= Beginning of Section =
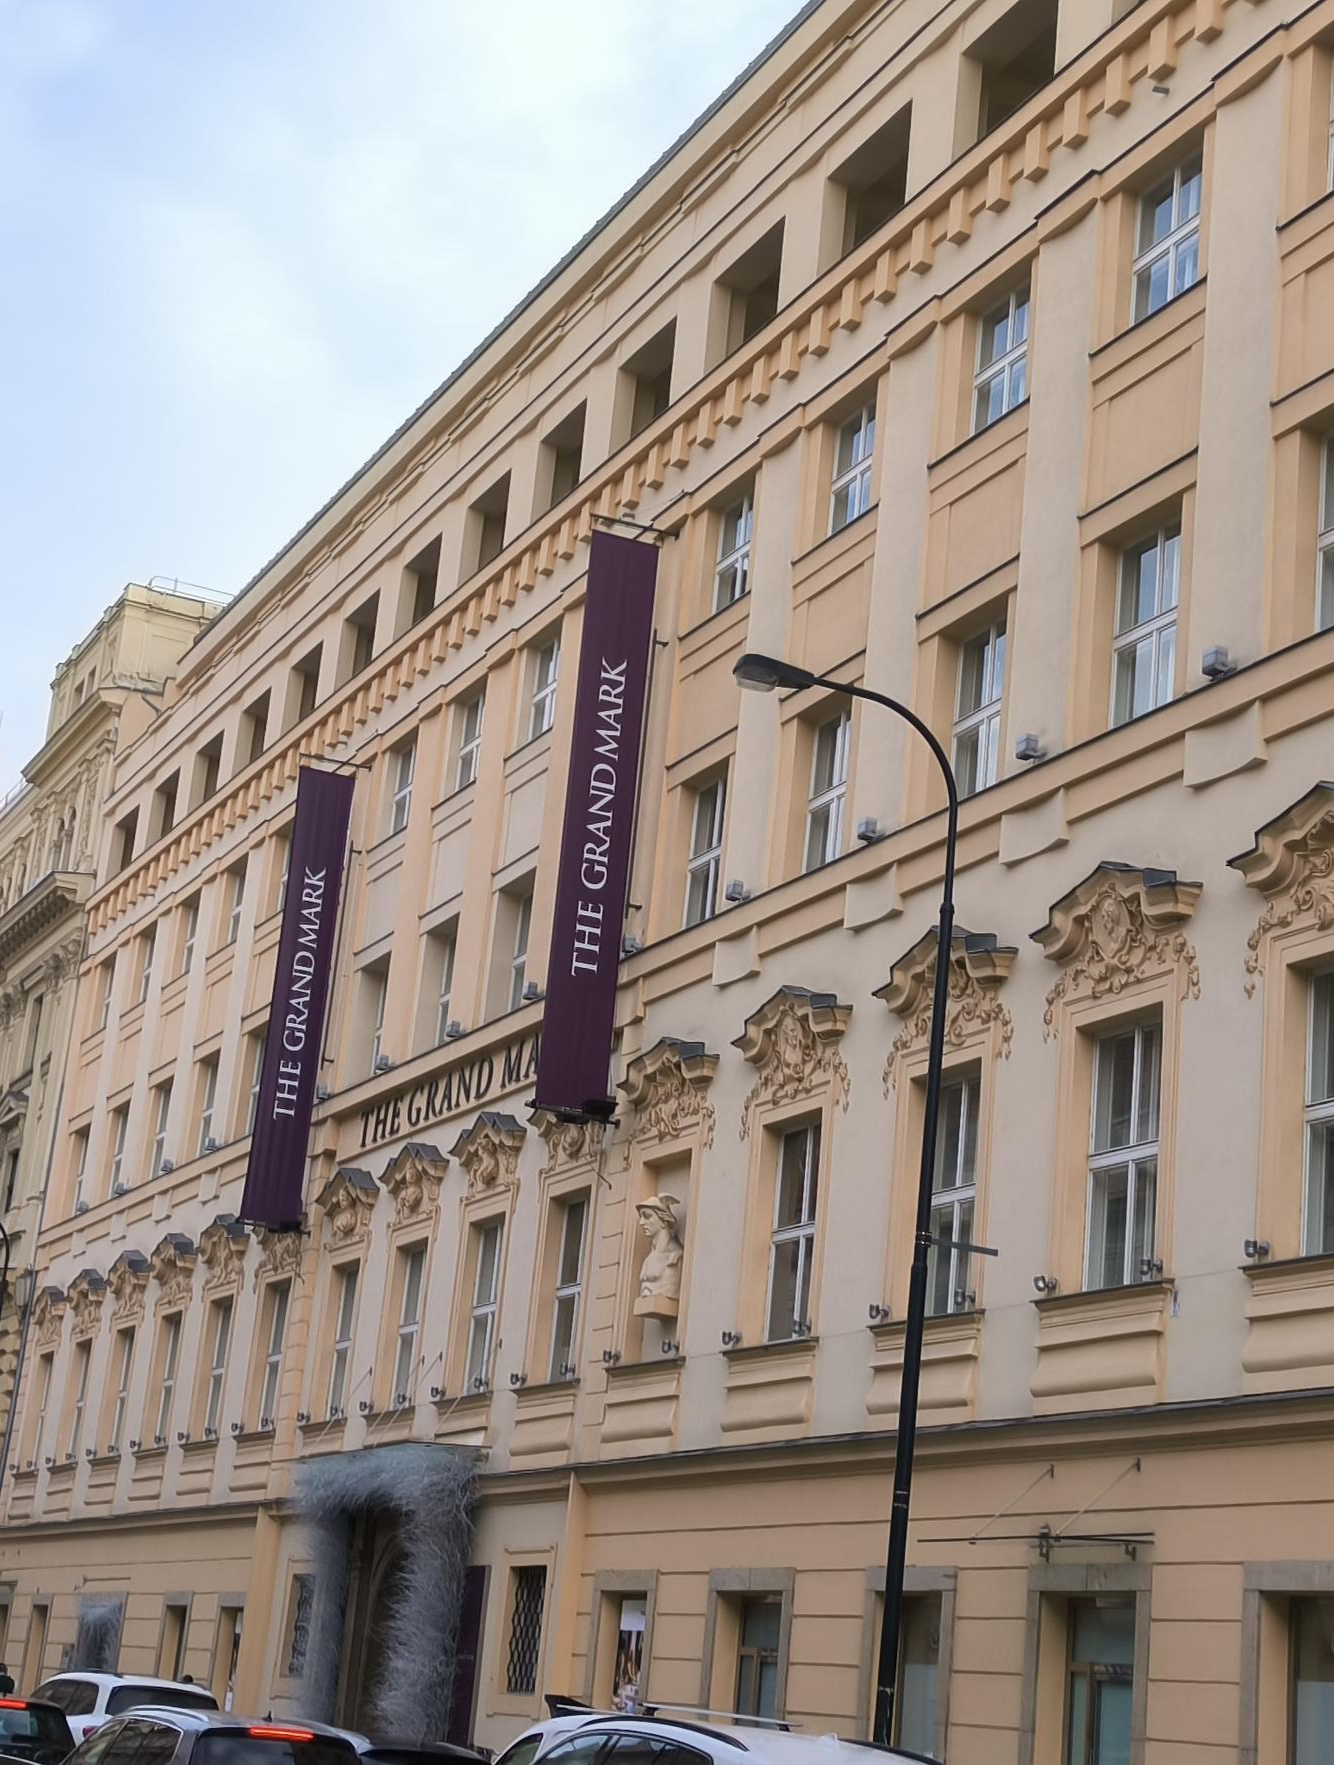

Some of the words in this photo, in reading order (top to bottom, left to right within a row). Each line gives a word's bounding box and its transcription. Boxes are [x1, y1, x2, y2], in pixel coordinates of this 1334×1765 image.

[571, 900, 604, 977] THE
[273, 1060, 302, 1120] THE
[360, 1093, 404, 1148] THE
[407, 1055, 495, 1127] GRAND
[500, 1031, 541, 1089] MA
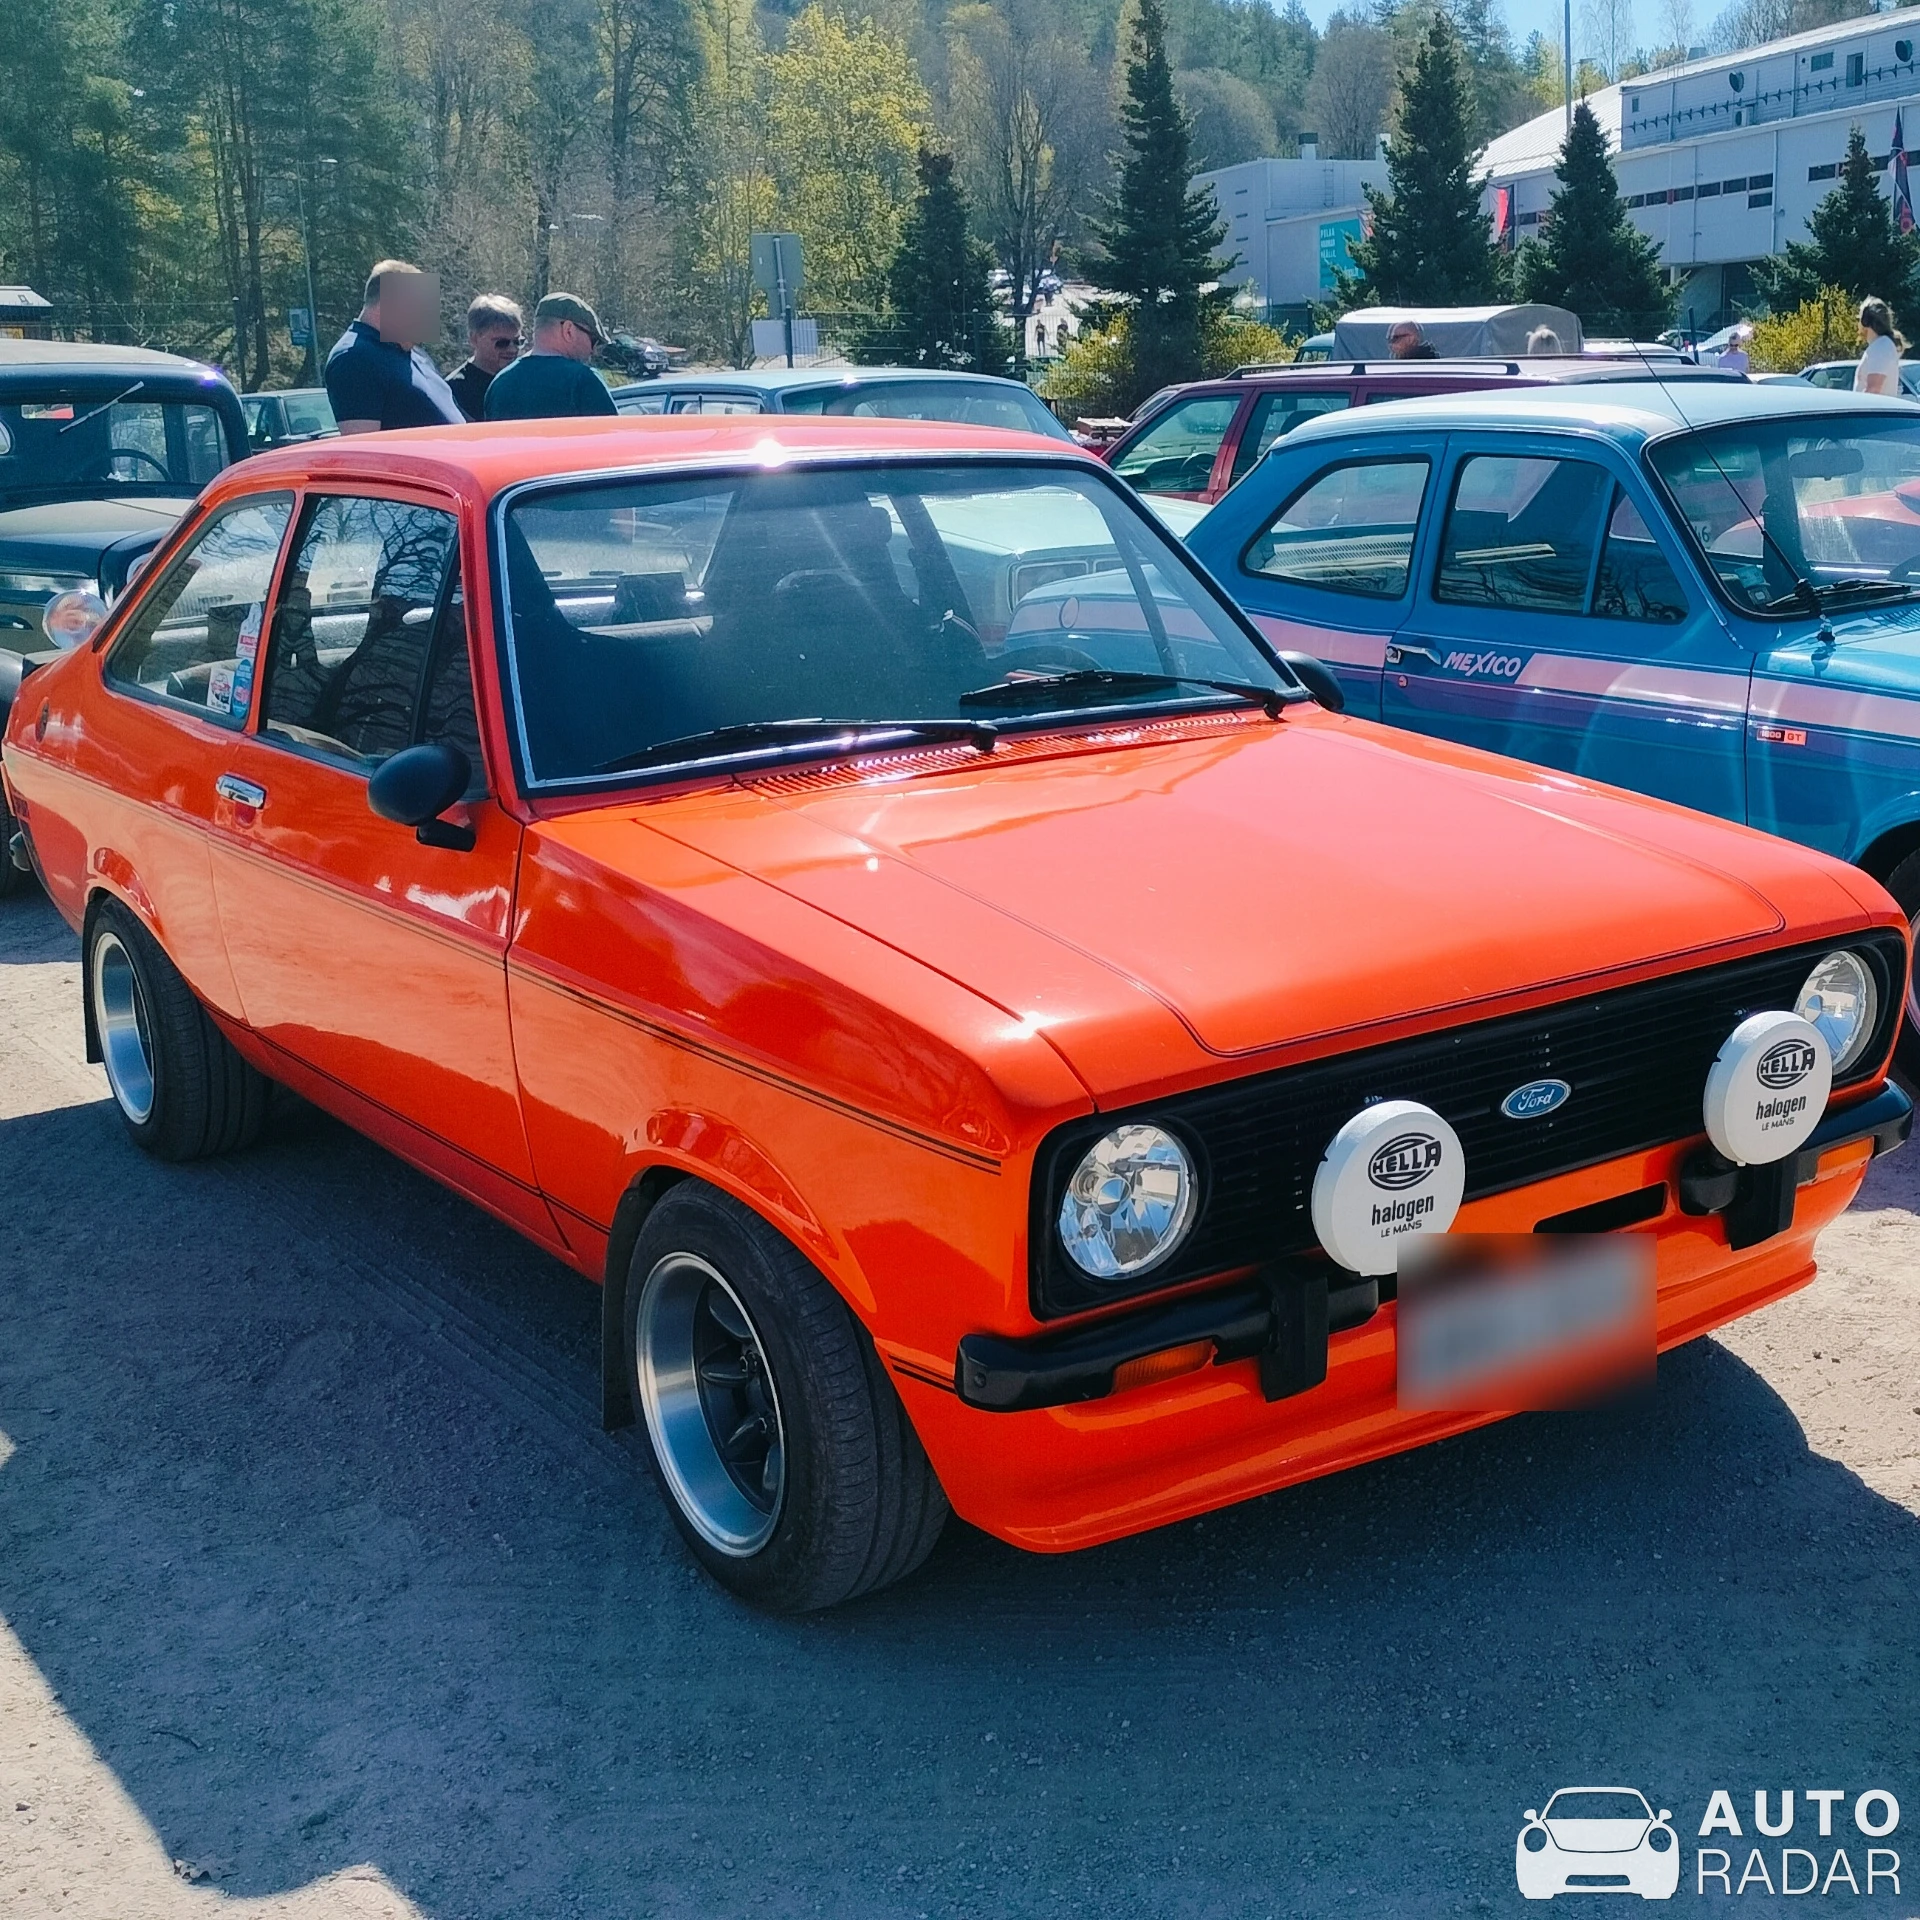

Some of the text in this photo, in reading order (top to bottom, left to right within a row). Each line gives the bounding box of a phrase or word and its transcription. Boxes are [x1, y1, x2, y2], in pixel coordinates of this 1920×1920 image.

[1442, 651, 1522, 677] MEXICO
[1787, 733, 1802, 742] GT
[1760, 1047, 1816, 1075] HELLA
[1518, 1086, 1556, 1111] Ford
[1755, 1095, 1807, 1120] halogen
[1761, 1117, 1796, 1131] LE MANS
[1372, 1140, 1442, 1175] HELLA
[1371, 1195, 1435, 1227] halogen
[1380, 1219, 1423, 1238] LE MANS
= End of Section =
**Problem:**
Please reproduce, word for word, every line from the line with "Some of the text" to the final line above, including both ends.

**Solution to this exercise:**
Some of the text in this photo, in reading order (top to bottom, left to right within a row). Each line gives the bounding box of a phrase or word and its transcription. Boxes are [x1, y1, x2, y2], in pixel coordinates of this 1920×1920 image.

[1442, 651, 1522, 677] MEXICO
[1787, 733, 1802, 742] GT
[1760, 1047, 1816, 1075] HELLA
[1518, 1086, 1556, 1111] Ford
[1755, 1095, 1807, 1120] halogen
[1761, 1117, 1796, 1131] LE MANS
[1372, 1140, 1442, 1175] HELLA
[1371, 1195, 1435, 1227] halogen
[1380, 1219, 1423, 1238] LE MANS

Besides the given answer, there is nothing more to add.